A qualitative study to investigate pharmacovigilance systems in Dubai hospitals.

BACKGROUND

Ensuring the safety of medications is a significant public health priority, with developed countries implementing robust pharmacovigilance programs. Despite this, healthcare providers continue to underreport adverse drug reactions (ADRs). This study aims to explore the existing pharmacovigilance system and procedure followed for ADR reporting in selected Dubai hospitals. It also identifies the obstacles that may negatively influence ADR reporting.

METHODS

This study was conducted using a qualitative methodology involving in-depth interviews. Convenience sampling was used to select and interview chief hospital pharmacists in Dubai using a semi-structured interview guide. Every interview was audio recorded, verbatim transcribed, and then subjected to a thematic content analysis. The data were analyzed manually by the reading and re-reading of the interviews, and an inductive and flexible approach was undertaken by the research team.

RESULTS

A total of ten individuals, three chief pharmacists and seven pharmacy managers were interviewed.

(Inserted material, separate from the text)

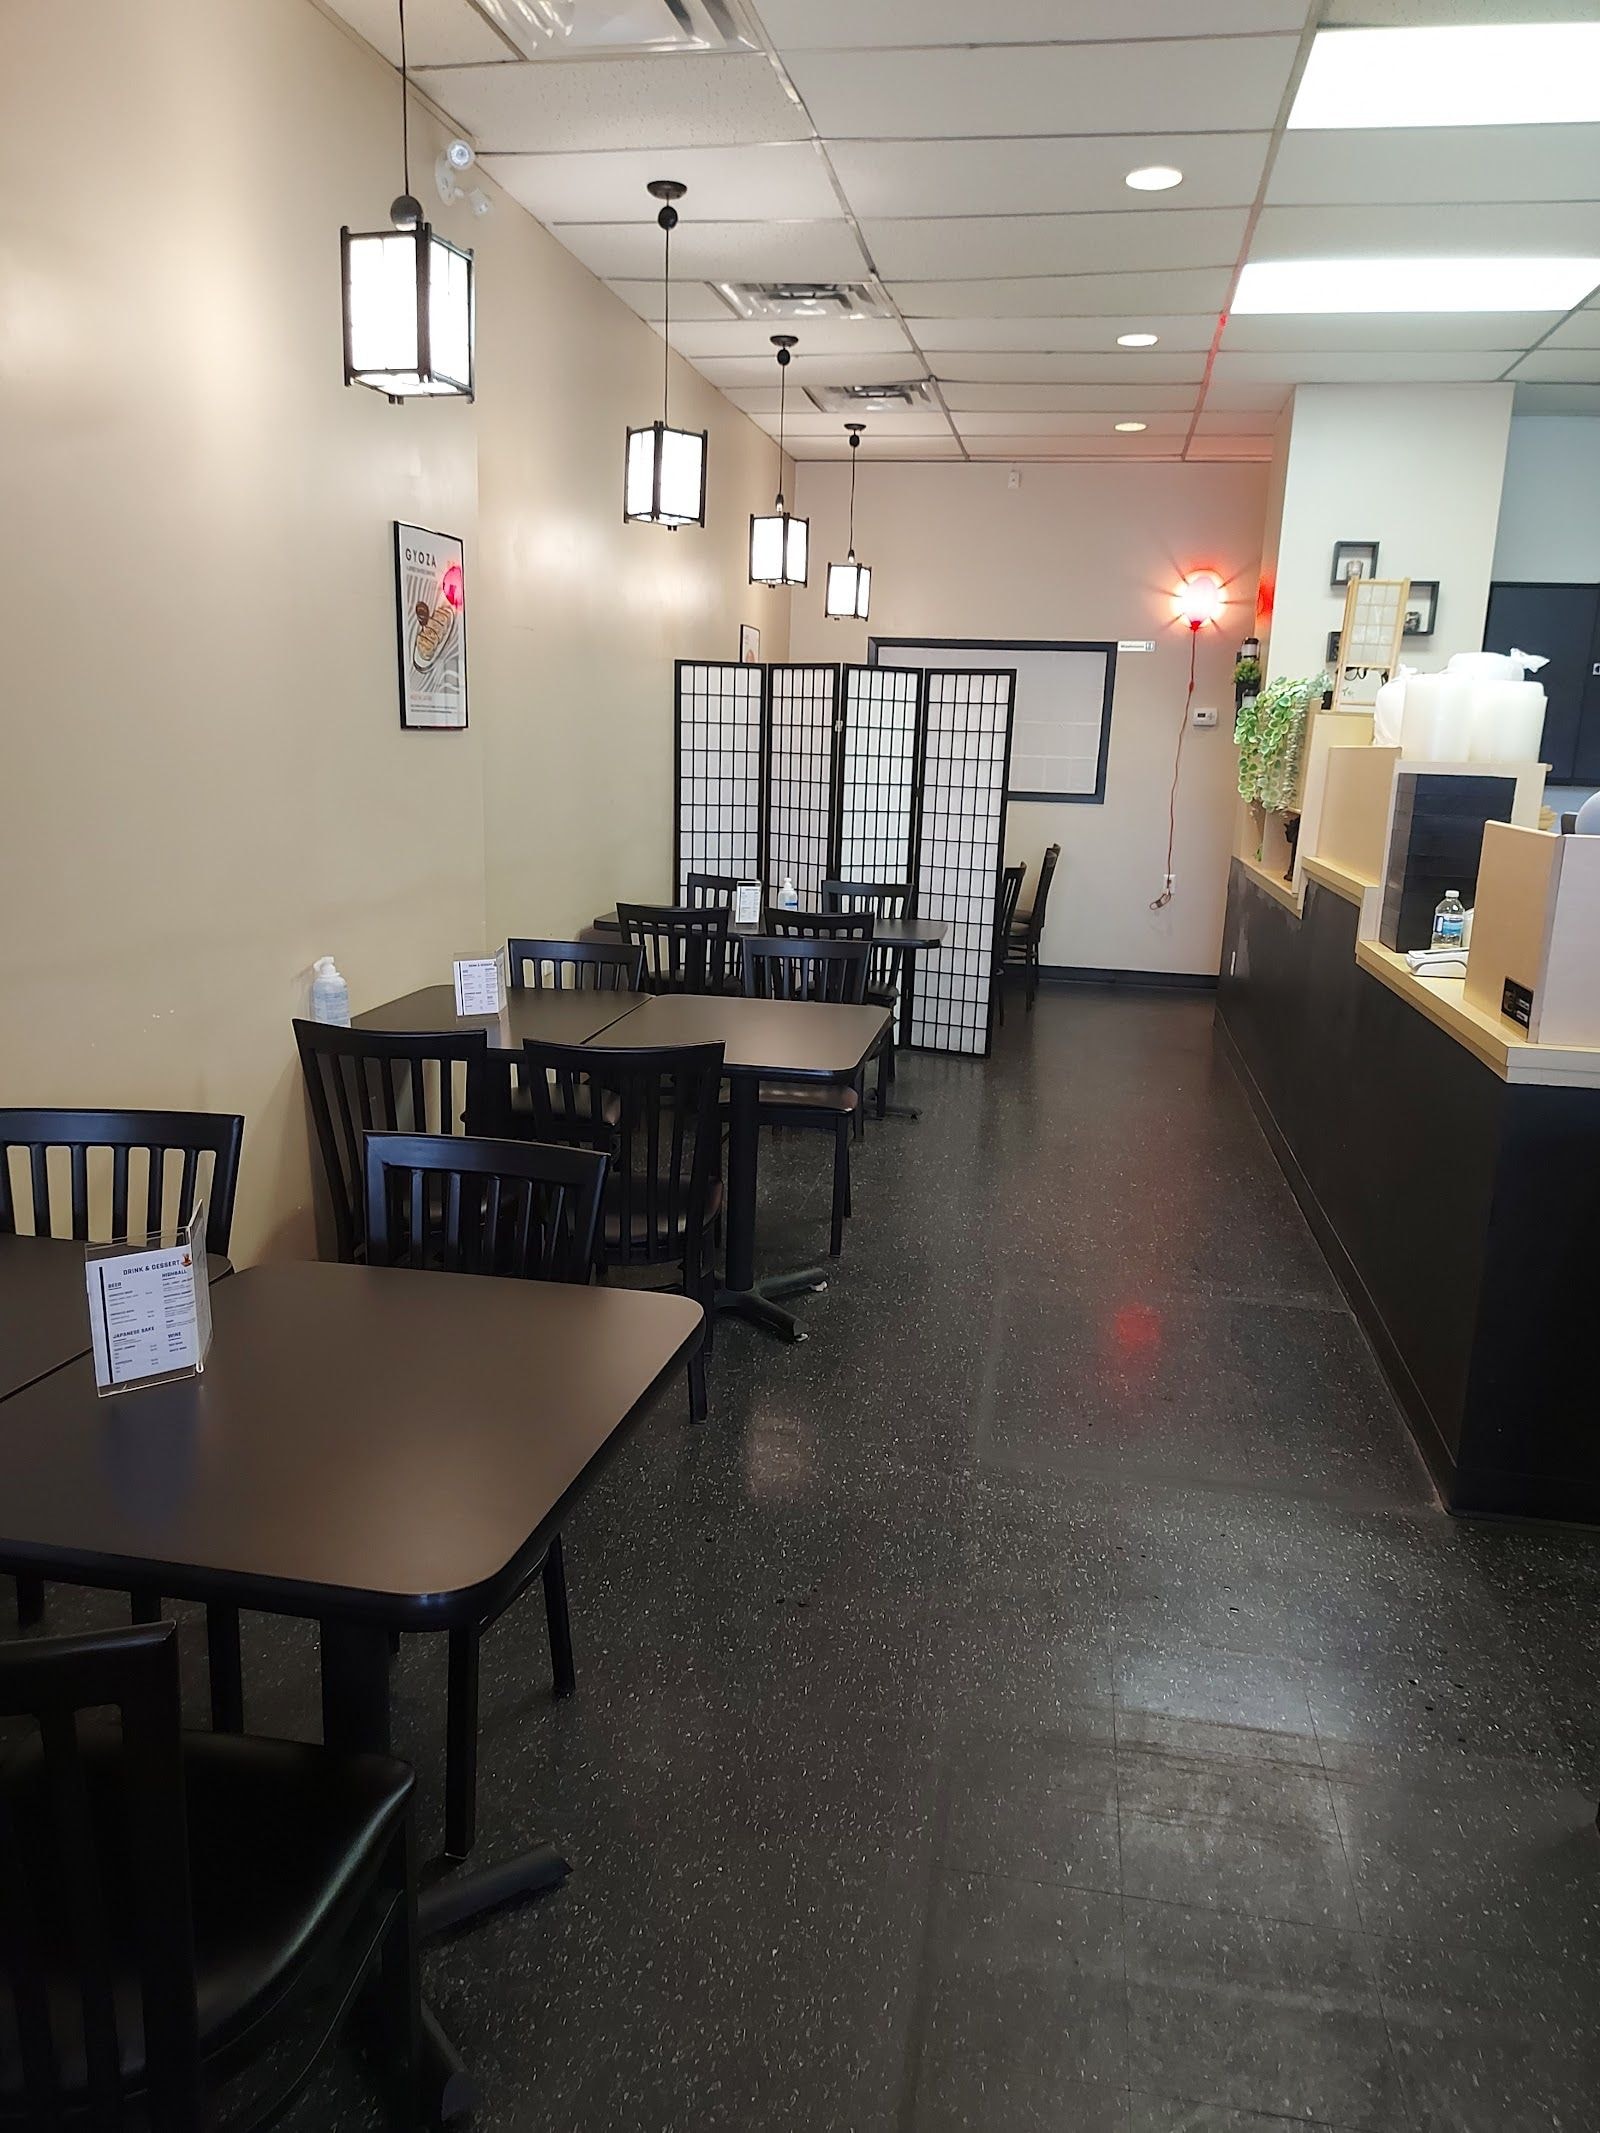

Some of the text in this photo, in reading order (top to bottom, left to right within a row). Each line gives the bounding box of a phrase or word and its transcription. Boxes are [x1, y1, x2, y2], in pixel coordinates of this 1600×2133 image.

[405, 548, 437, 568] GYOZA
[123, 1266, 144, 1276] DRINK
[151, 1260, 180, 1270] DESSERT
[113, 1329, 140, 1338] JAPANESE

Seven themes emerged from the interviews' thematic content analysis, including: (1) Existence of a pharmacovigilance center or unit, (2) Experience with medication safety & ADR concept, (3) Current ADR reporting process in the hospital setting, (4) Barriers to adverse drug reaction reporting, (5) Policy change needs, (6) The factors that could enhance ADR reporting, and (7) Future pharmacovigilance research needs in the UAE. Eight hospitals have ADR reporting systems in their hospital policies while two hospitals don't have any pharmacovigilance system. Of the eight hospitals, seven have their own software for ADR reporting and one used paper form. Based on the participants feedback, six have full experience with ADR reporting process, while others have partial or don't have any idea about reporting process. ADR reporting is hindered by a number of factors, such as inadequate awareness and training for pharmacovigilance and ADR reporting process, a communication gap between hospitals and regulatory bodies, time constraints due to numerous responsibilities, and fear of punishment.

CONCLUSION

The study found that although hospital pharmacists have a good understanding of medication safety and ADR reporting, they do not actually apply this knowledge into practice. Ongoing training and education on the ADR reporting process have the potential to improve attitudes toward ADR reporting and actively engage individuals in ensuring medication safety within hospital settings. The participation of key stakeholders from the Ministry of Health, academia, the pharmaceutical companies, and healthcare professionals is essential to support the safe and effective use of medications.